-- Work item --
Copy without pictures. Please restate each line of the listing exactly.

(Input data)

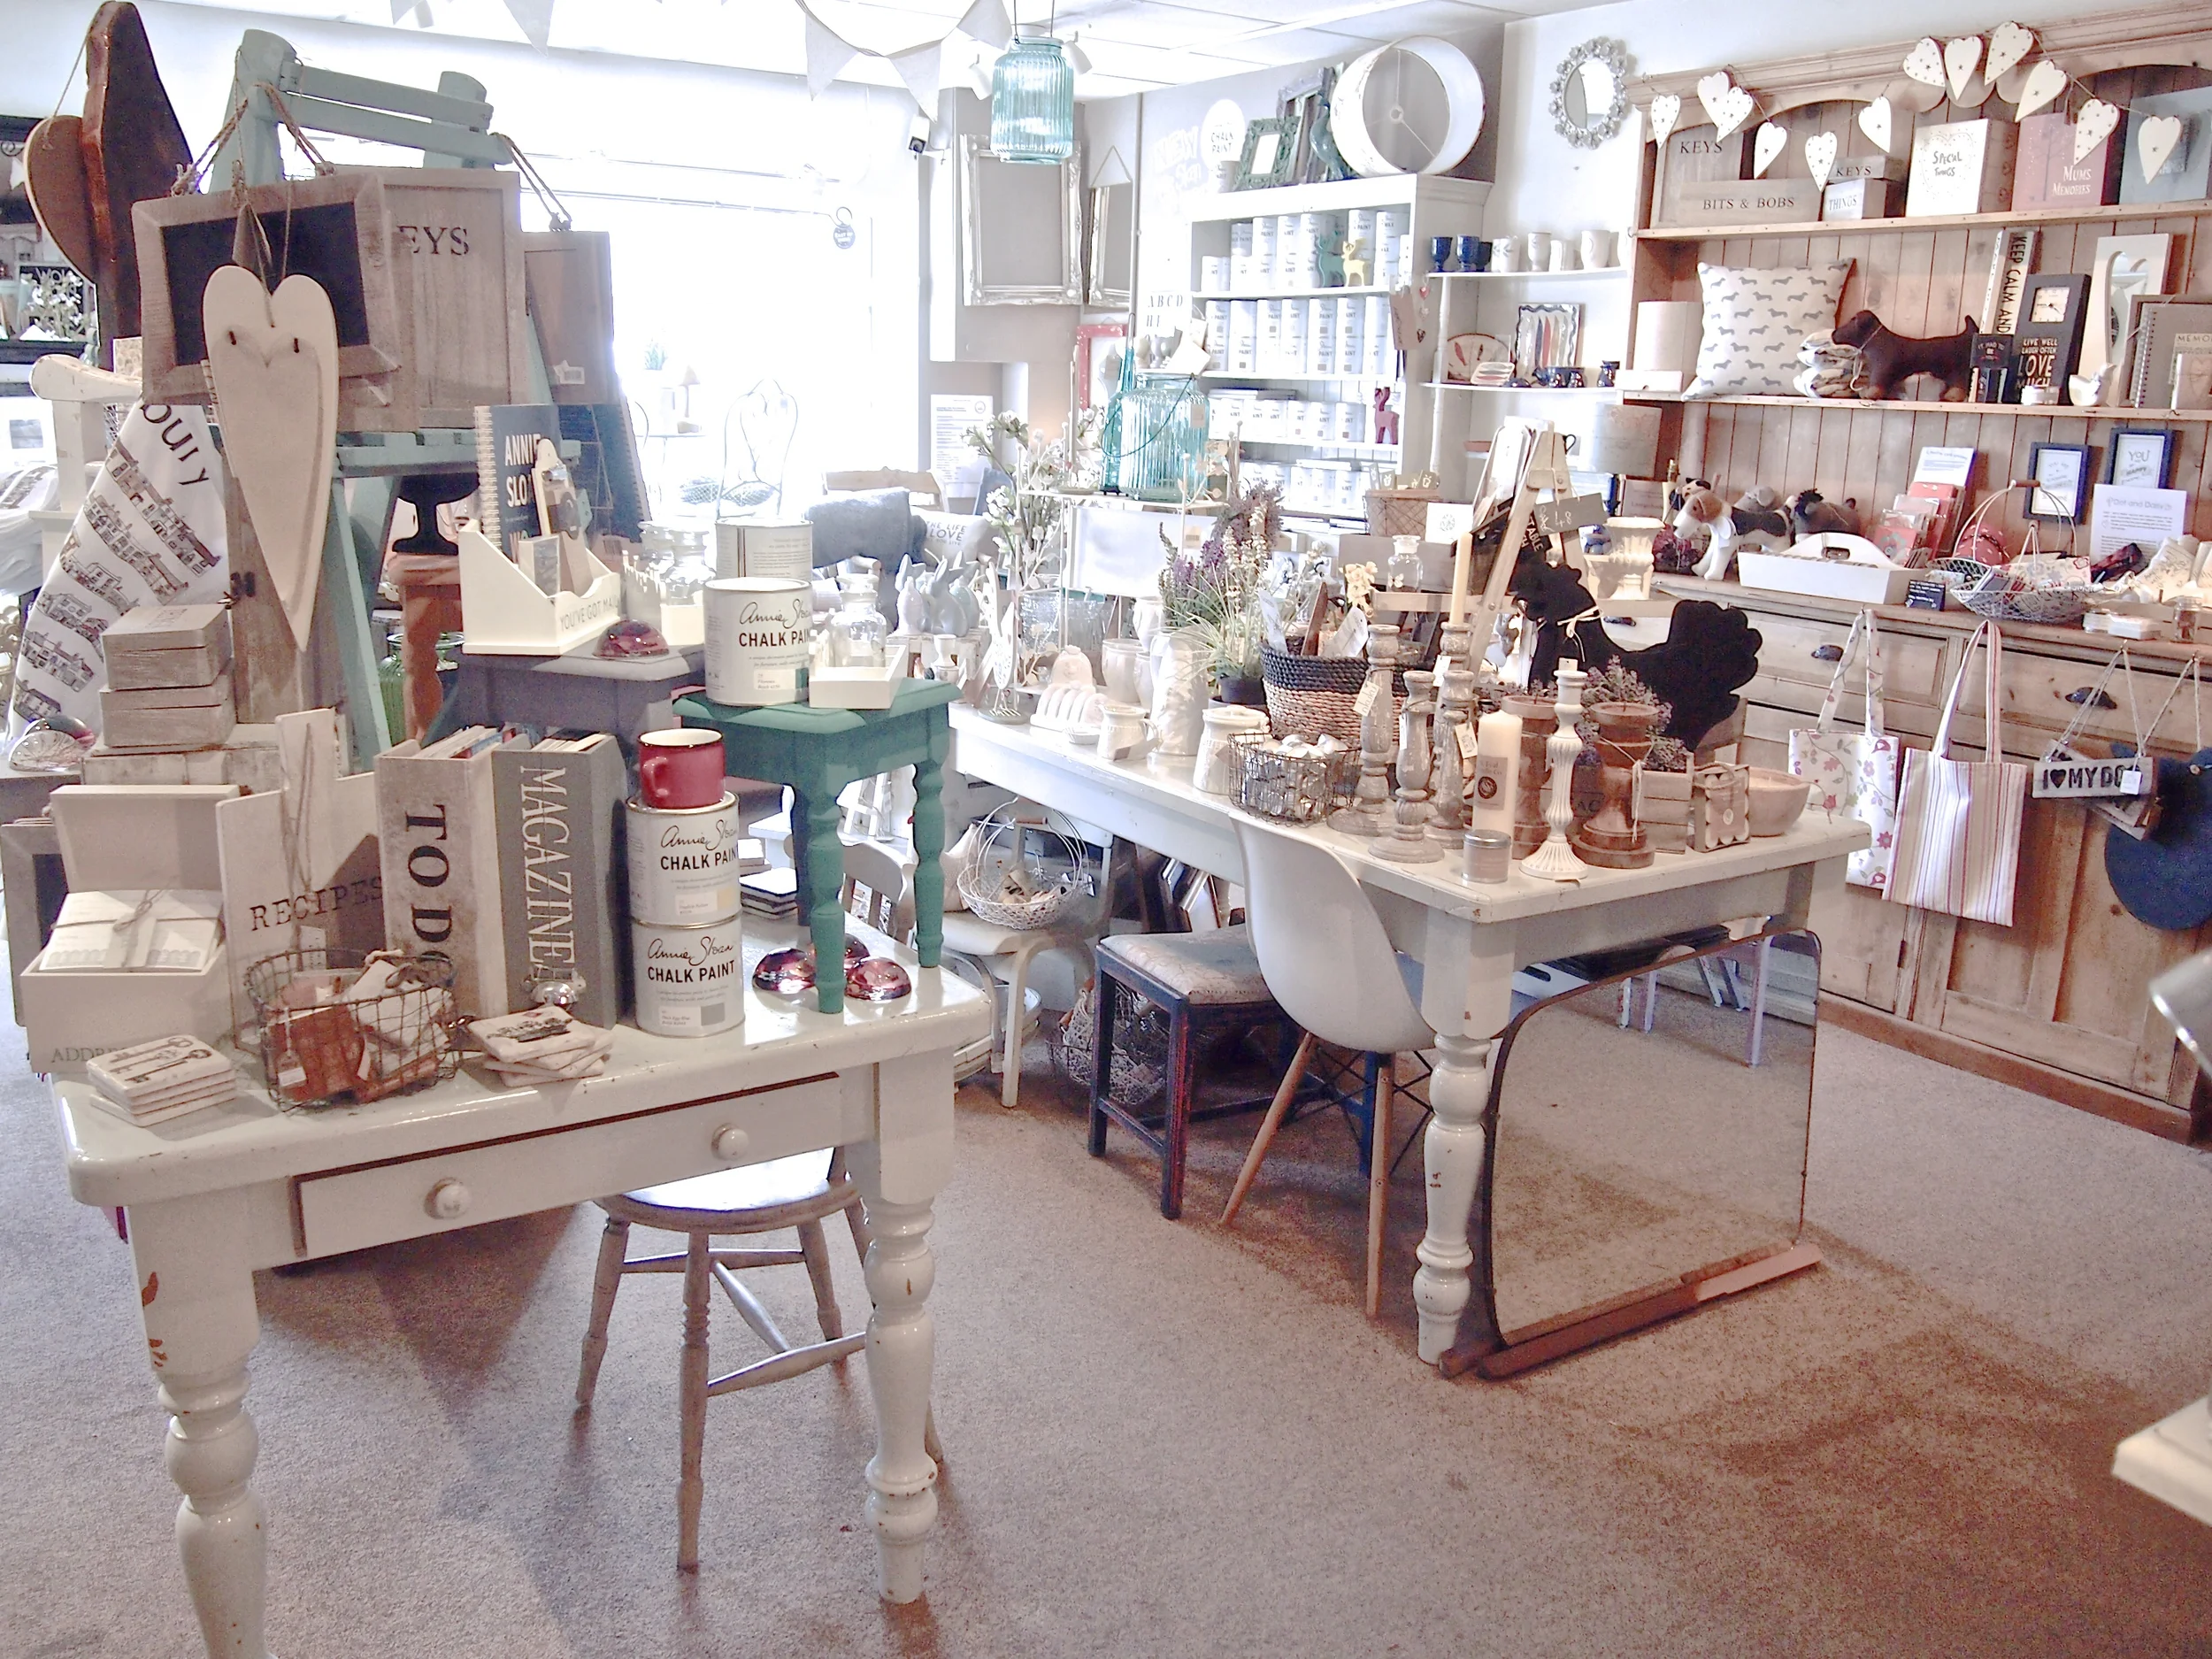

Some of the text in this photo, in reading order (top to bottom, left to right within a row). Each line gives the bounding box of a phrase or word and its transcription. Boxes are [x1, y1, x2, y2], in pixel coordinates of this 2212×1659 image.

[1680, 141, 1723, 154] KEYS
[1836, 165, 1871, 177] KEYS
[1702, 197, 1795, 210] BITS & BOBS
[1829, 195, 1857, 211] THINGS
[396, 226, 469, 255] EYS
[1996, 236, 2027, 334] KEEP CALM AND
[2017, 355, 2055, 377] LOVE
[506, 474, 534, 508] SLO
[930, 528, 964, 541] LOVE
[947, 524, 967, 533] LIFE
[588, 601, 602, 619] GOT
[740, 598, 810, 629] Annie Sloa
[739, 630, 810, 648] CHALK PAIN
[2042, 769, 2048, 790] I
[2069, 766, 2098, 788] MY
[2101, 764, 2142, 788] DO
[404, 803, 449, 887] TO
[661, 819, 736, 850] Annie Sloa
[520, 765, 575, 972] MAGAZINE
[660, 847, 736, 870] CHALK PAIN
[250, 876, 382, 931] RECIPES
[648, 936, 733, 966] Annie Sloan
[648, 960, 734, 983] CHALK PAINT
[51, 1048, 127, 1063] ADDR
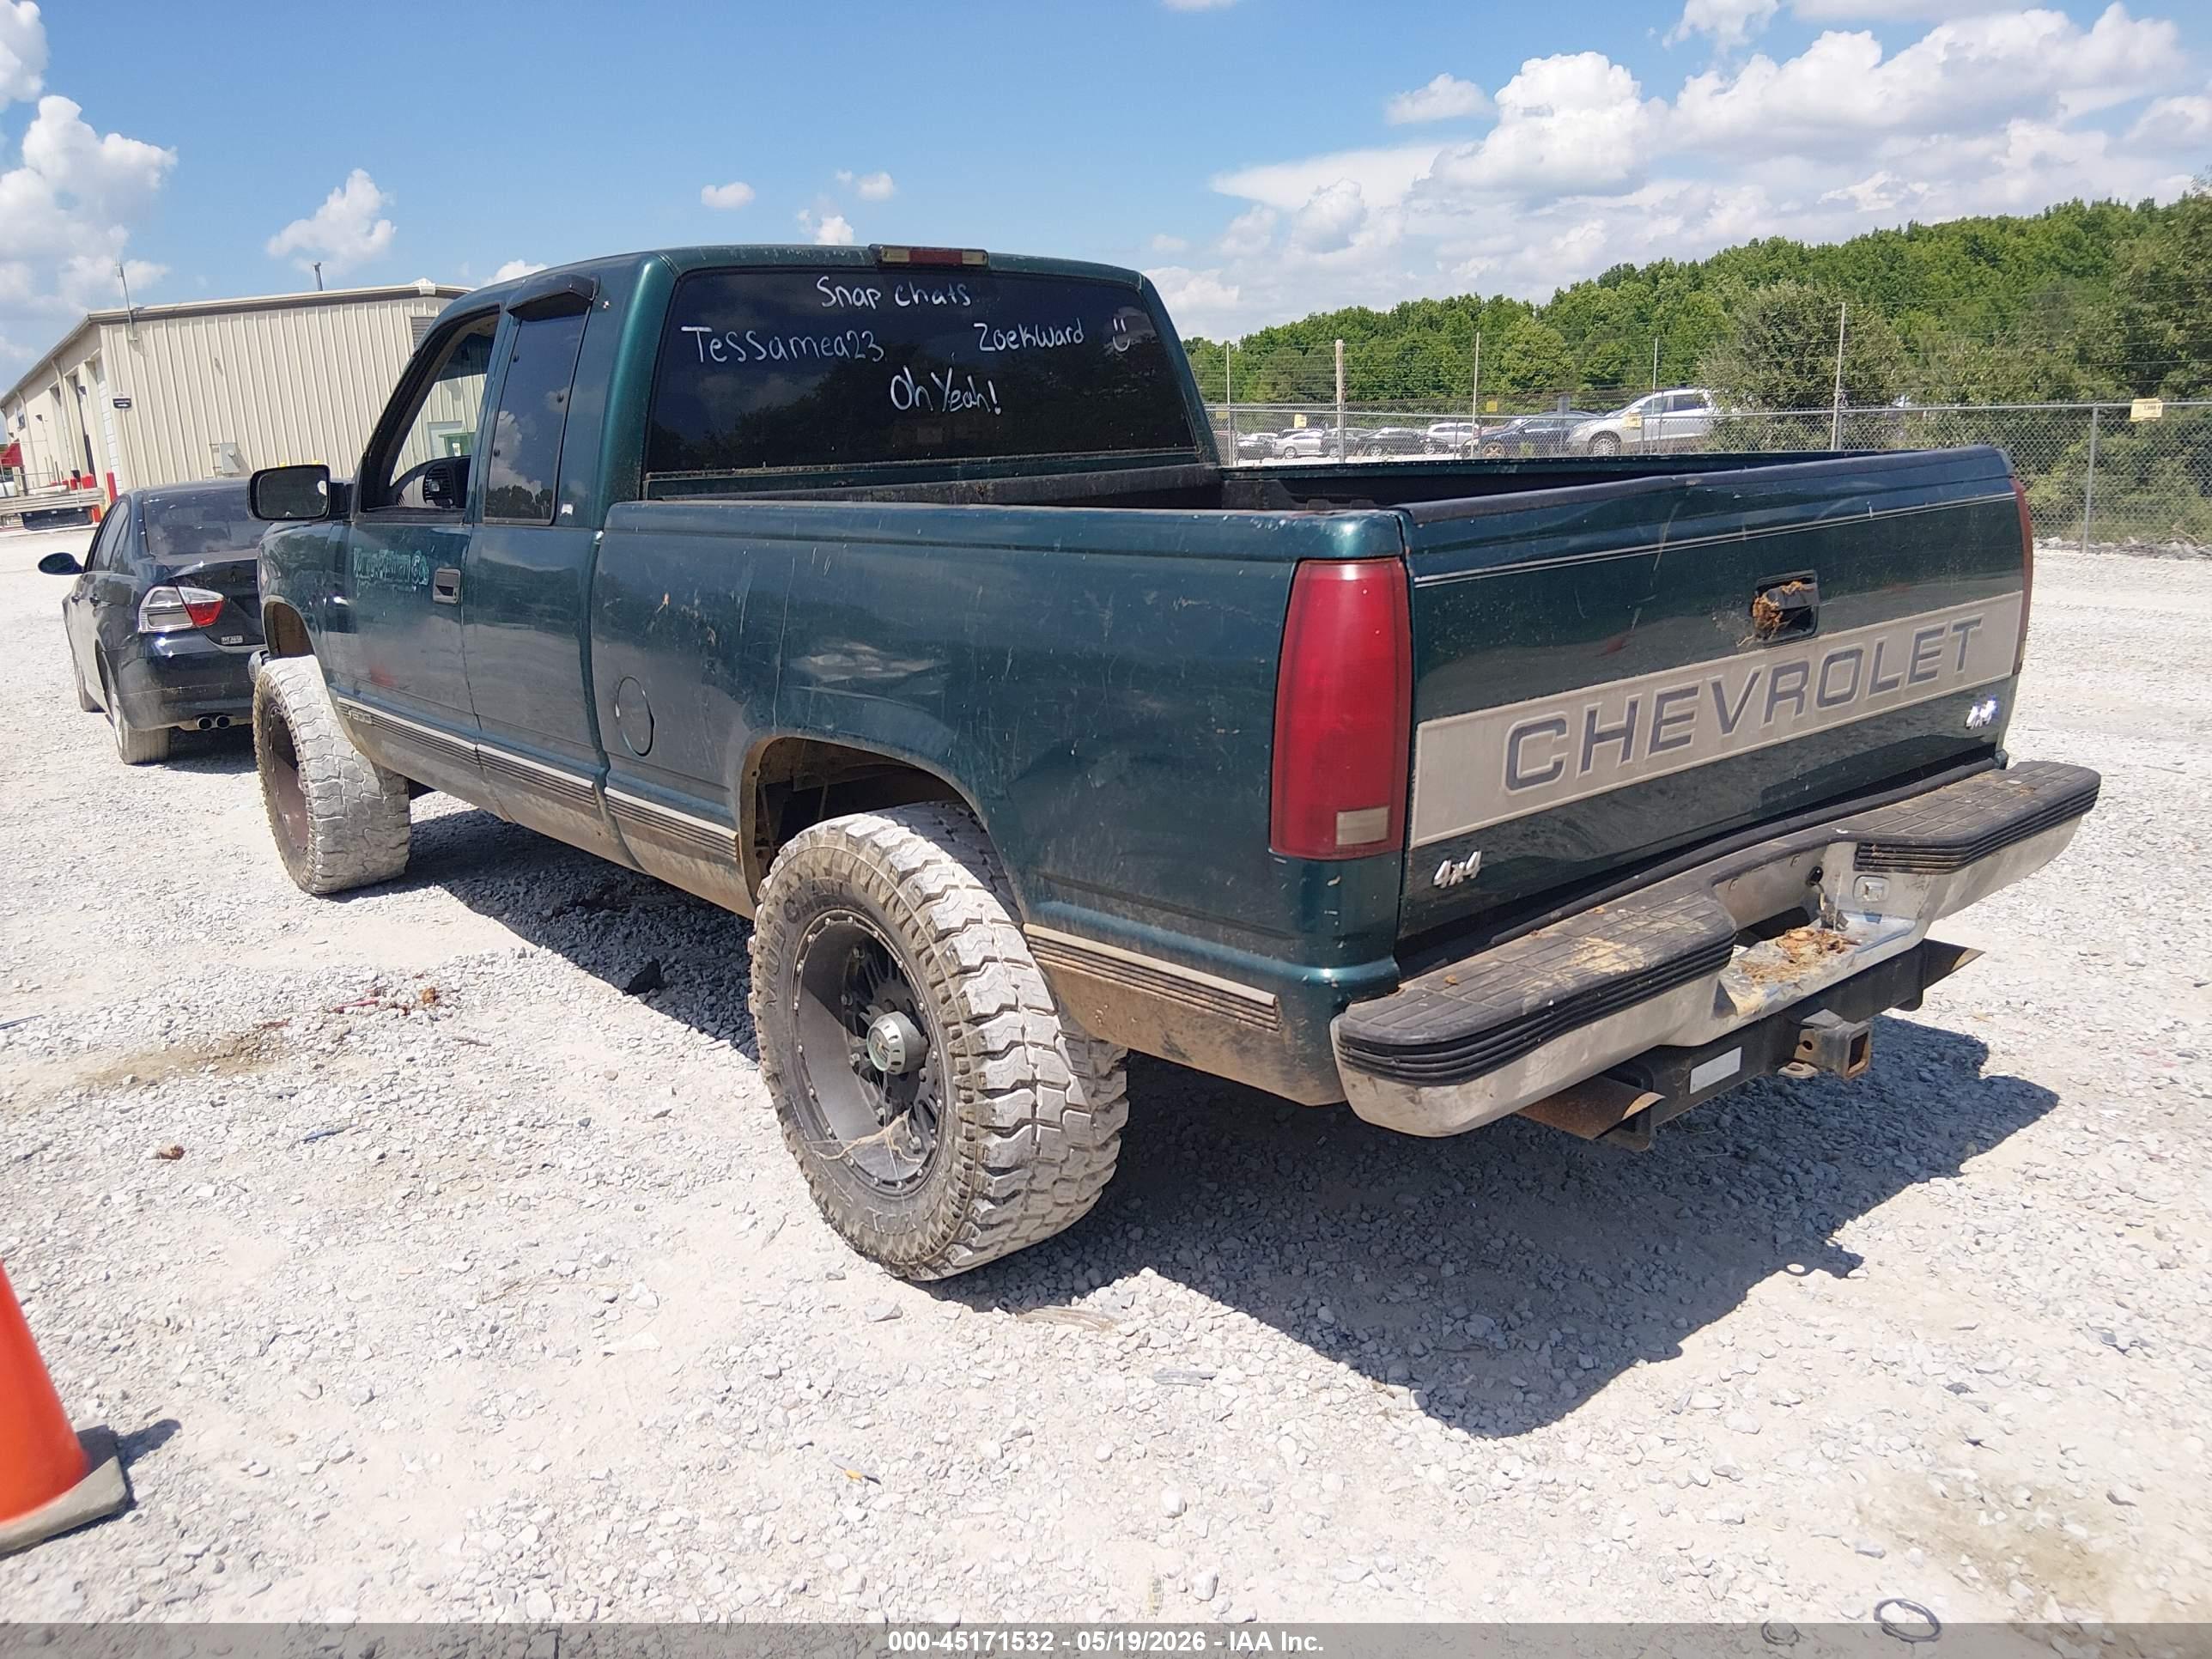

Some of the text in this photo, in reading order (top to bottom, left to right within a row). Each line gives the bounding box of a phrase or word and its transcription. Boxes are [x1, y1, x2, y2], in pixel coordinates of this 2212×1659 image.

[817, 276, 881, 309] Snap
[681, 326, 884, 362] Tessamea23
[890, 365, 1001, 415] Oh Yeah!
[1505, 617, 1983, 795] CHEVROLET
[1432, 851, 1482, 889] 4x4

(End Input data)

-- Written reply --
Some of the text in this photo, in reading order (top to bottom, left to right within a row). Each line gives the bounding box of a phrase or word and its transcription. Boxes are [x1, y1, x2, y2], in pixel coordinates of this 2212×1659 image.

[1680, 141, 1723, 154] KEYS
[1836, 165, 1871, 177] KEYS
[1702, 197, 1795, 210] BITS & BOBS
[1829, 195, 1857, 211] THINGS
[396, 226, 469, 255] EYS
[1996, 236, 2027, 334] KEEP CALM AND
[2017, 355, 2055, 377] LOVE
[506, 474, 534, 508] SLO
[930, 528, 964, 541] LOVE
[947, 524, 967, 533] LIFE
[588, 601, 602, 619] GOT
[740, 598, 810, 629] Annie Sloa
[739, 630, 810, 648] CHALK PAIN
[2042, 769, 2048, 790] I
[2069, 766, 2098, 788] MY
[2101, 764, 2142, 788] DO
[404, 803, 449, 887] TO
[661, 819, 736, 850] Annie Sloa
[520, 765, 575, 972] MAGAZINE
[660, 847, 736, 870] CHALK PAIN
[250, 876, 382, 931] RECIPES
[648, 936, 733, 966] Annie Sloan
[648, 960, 734, 983] CHALK PAINT
[51, 1048, 127, 1063] ADDR

Some of the text in this photo, in reading order (top to bottom, left to right within a row). Each line gives the bounding box of a phrase or word and its transcription. Boxes are [x1, y1, x2, y2], in pixel coordinates of this 2212×1659 image.

[817, 276, 881, 309] Snap
[681, 326, 884, 362] Tessamea23
[890, 365, 1001, 415] Oh Yeah!
[1505, 617, 1983, 795] CHEVROLET
[1432, 851, 1482, 889] 4x4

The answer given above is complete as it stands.